** Listed entries follows **

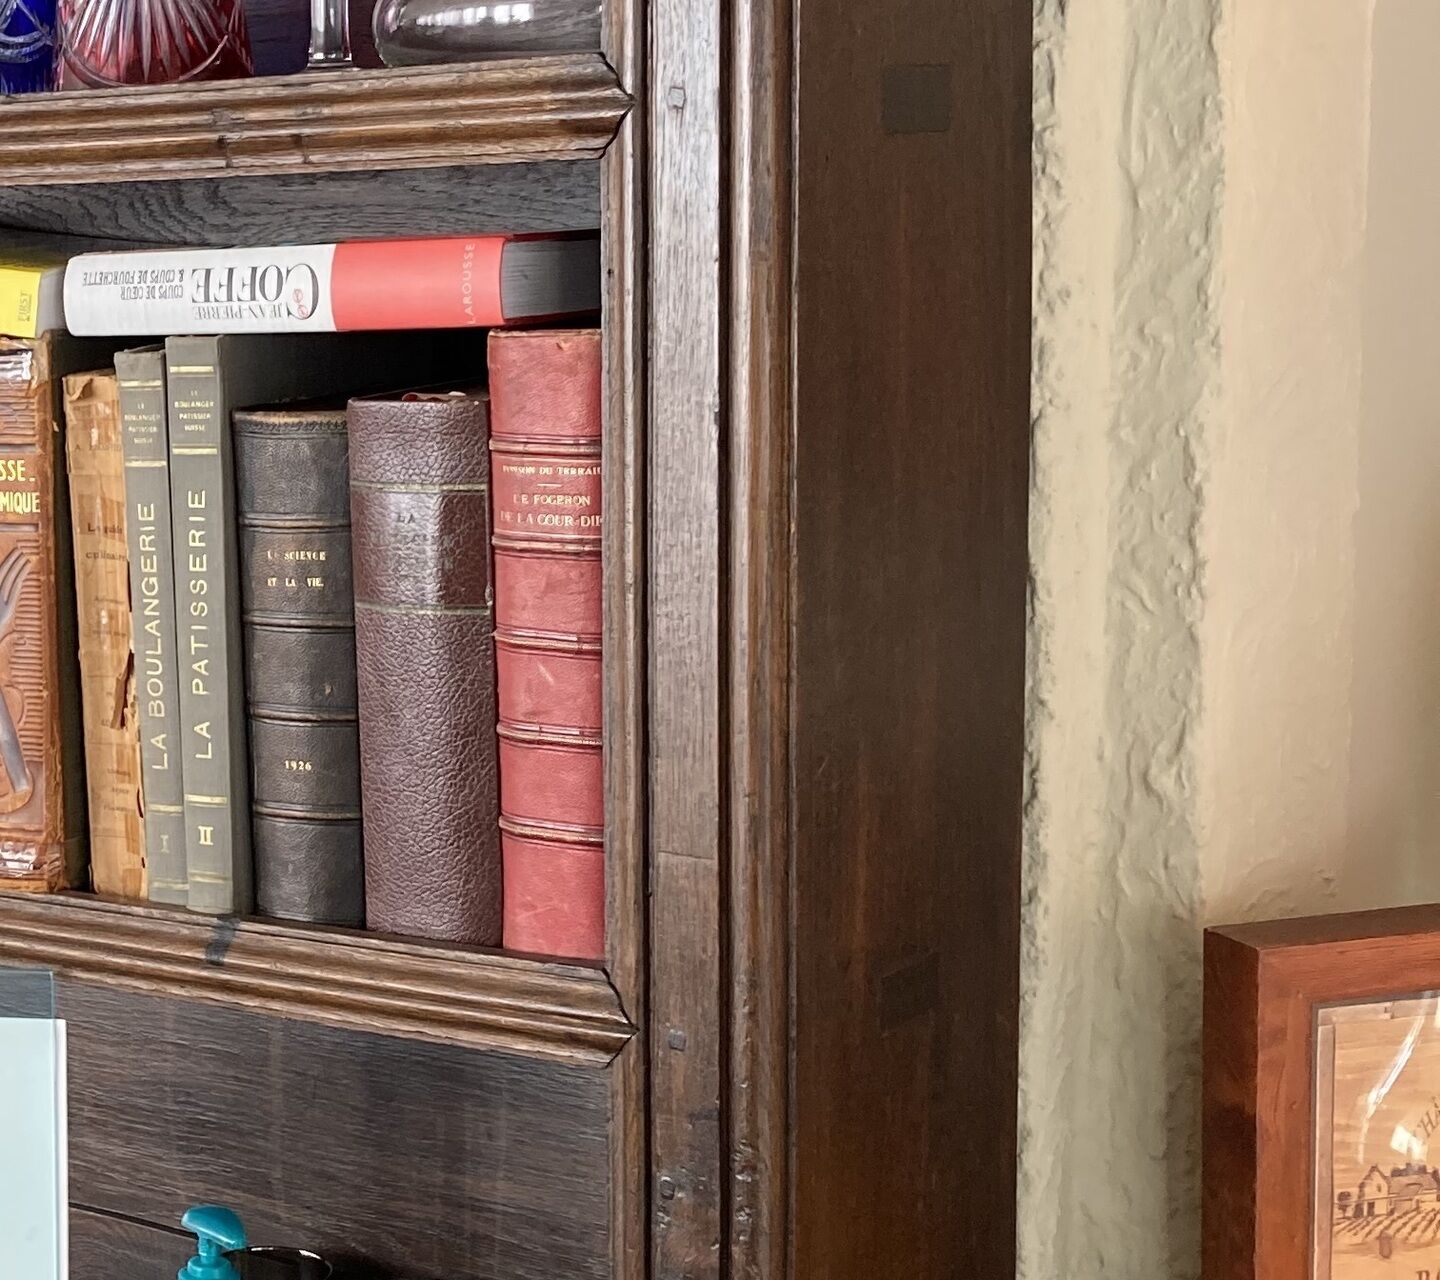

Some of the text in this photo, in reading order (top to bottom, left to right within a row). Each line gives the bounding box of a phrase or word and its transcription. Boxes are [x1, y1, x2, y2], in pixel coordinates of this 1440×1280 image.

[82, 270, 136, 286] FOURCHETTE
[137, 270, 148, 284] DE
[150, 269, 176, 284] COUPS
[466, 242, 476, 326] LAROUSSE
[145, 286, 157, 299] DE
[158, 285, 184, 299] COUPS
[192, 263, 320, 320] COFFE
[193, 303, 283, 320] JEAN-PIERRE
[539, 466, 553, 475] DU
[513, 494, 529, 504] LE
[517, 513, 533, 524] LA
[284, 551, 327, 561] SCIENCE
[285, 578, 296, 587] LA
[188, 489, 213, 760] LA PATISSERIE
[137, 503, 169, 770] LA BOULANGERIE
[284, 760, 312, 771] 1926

** End of Listed entries **

→ **Work required**: Your answer is an exact copy of the records above, stripped of pictures.

→ **Response to the exercise**:
Some of the text in this photo, in reading order (top to bottom, left to right within a row). Each line gives the bounding box of a phrase or word and its transcription. Boxes are [x1, y1, x2, y2], in pixel coordinates of this 1440×1280 image.

[82, 270, 136, 286] FOURCHETTE
[137, 270, 148, 284] DE
[150, 269, 176, 284] COUPS
[466, 242, 476, 326] LAROUSSE
[145, 286, 157, 299] DE
[158, 285, 184, 299] COUPS
[192, 263, 320, 320] COFFE
[193, 303, 283, 320] JEAN-PIERRE
[539, 466, 553, 475] DU
[513, 494, 529, 504] LE
[517, 513, 533, 524] LA
[284, 551, 327, 561] SCIENCE
[285, 578, 296, 587] LA
[188, 489, 213, 760] LA PATISSERIE
[137, 503, 169, 770] LA BOULANGERIE
[284, 760, 312, 771] 1926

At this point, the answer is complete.